WORK INSTRUCTIONS: A letter-for-letter copy of the listing is required, with no pictures in it.

DATA EXCERPTS:
-----

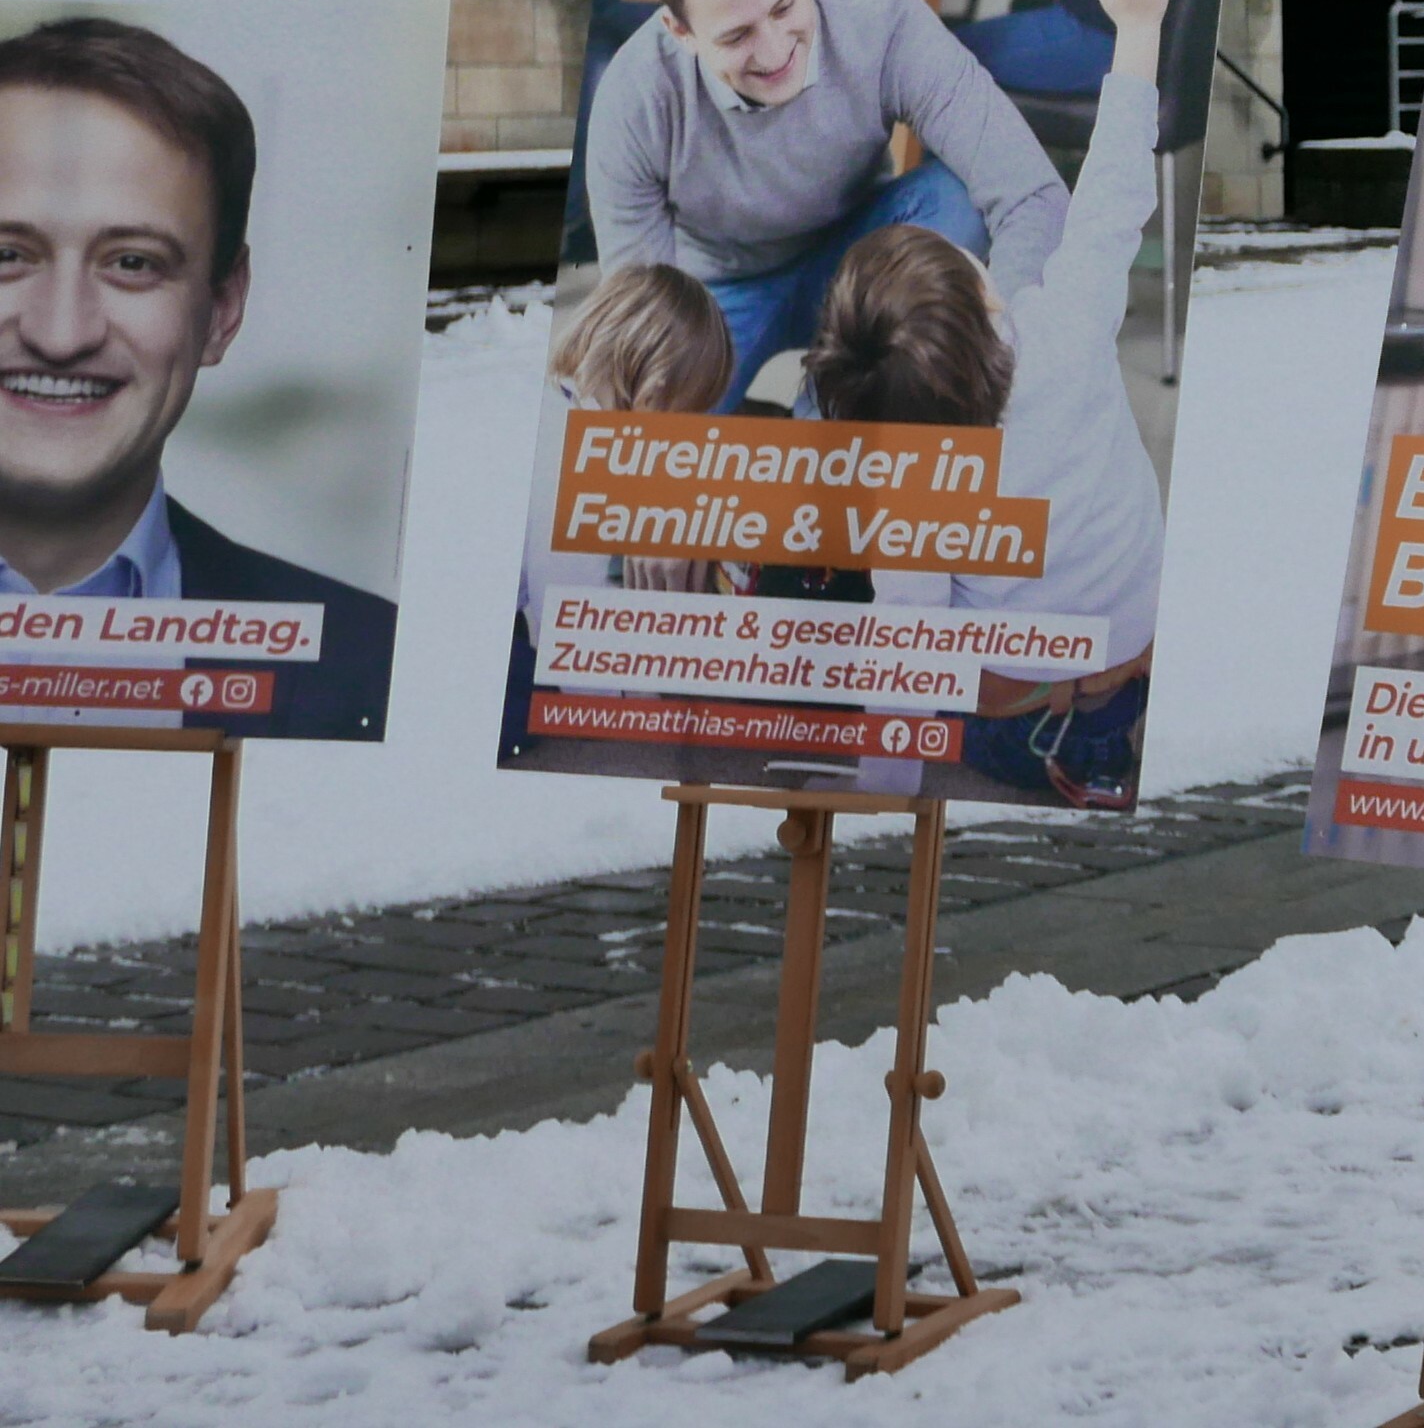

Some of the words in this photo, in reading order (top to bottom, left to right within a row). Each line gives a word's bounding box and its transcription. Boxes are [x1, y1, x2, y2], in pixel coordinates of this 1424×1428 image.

[575, 426, 918, 488] Füreinander
[931, 438, 985, 492] in
[566, 493, 767, 549] Familie
[783, 504, 822, 552] &
[846, 507, 1035, 564] Verein.
[99, 607, 310, 655] Landtag.
[555, 599, 728, 638] Ehrenamt
[736, 611, 760, 640] &
[769, 613, 1094, 660] gesellschaftlichen
[548, 642, 812, 688] Zusammenhalt
[824, 658, 966, 698] stärken.
[542, 704, 867, 748] www.matthias-miller.net
[1358, 724, 1394, 760] in

-----

WRITTEN RESPONSE:
Some of the words in this photo, in reading order (top to bottom, left to right within a row). Each line gives a word's bounding box and its transcription. Boxes are [x1, y1, x2, y2], in pixel coordinates of this 1424×1428 image.

[575, 426, 918, 488] Füreinander
[931, 438, 985, 492] in
[566, 493, 767, 549] Familie
[783, 504, 822, 552] &
[846, 507, 1035, 564] Verein.
[99, 607, 310, 655] Landtag.
[555, 599, 728, 638] Ehrenamt
[736, 611, 760, 640] &
[769, 613, 1094, 660] gesellschaftlichen
[548, 642, 812, 688] Zusammenhalt
[824, 658, 966, 698] stärken.
[542, 704, 867, 748] www.matthias-miller.net
[1358, 724, 1394, 760] in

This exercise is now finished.